▶ [Exercise description] Print the listing below verbatim, passing over each picture.

■ ■ ■ ■

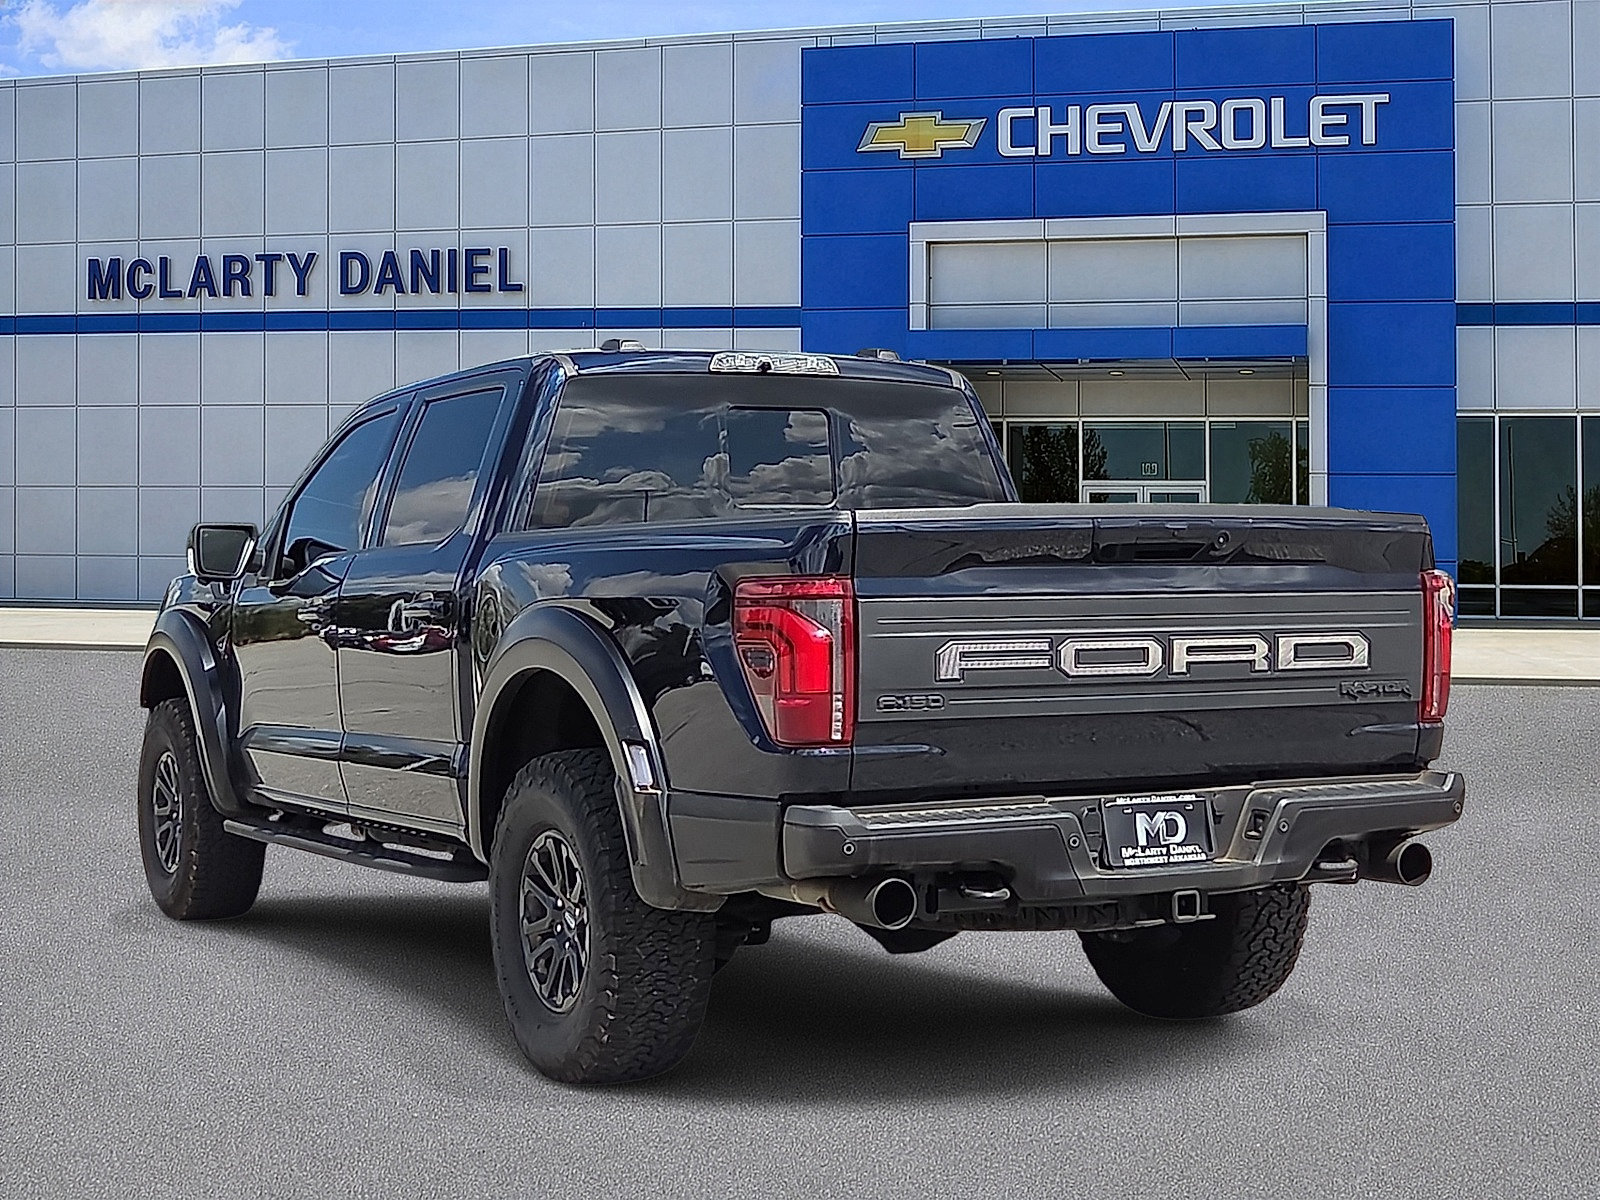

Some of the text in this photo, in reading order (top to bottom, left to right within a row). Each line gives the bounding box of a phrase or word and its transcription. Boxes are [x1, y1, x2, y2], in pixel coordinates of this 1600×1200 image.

[997, 93, 1390, 158] CHEVROLET
[87, 246, 526, 300] MCLARTY DANIEL
[936, 633, 1370, 681] FORD
[1135, 811, 1186, 846] MD

■ ■ ■ ■

▶ [Worked solution]
Some of the text in this photo, in reading order (top to bottom, left to right within a row). Each line gives the bounding box of a phrase or word and its transcription. Boxes are [x1, y1, x2, y2], in pixel coordinates of this 1600×1200 image.

[997, 93, 1390, 158] CHEVROLET
[87, 246, 526, 300] MCLARTY DANIEL
[936, 633, 1370, 681] FORD
[1135, 811, 1186, 846] MD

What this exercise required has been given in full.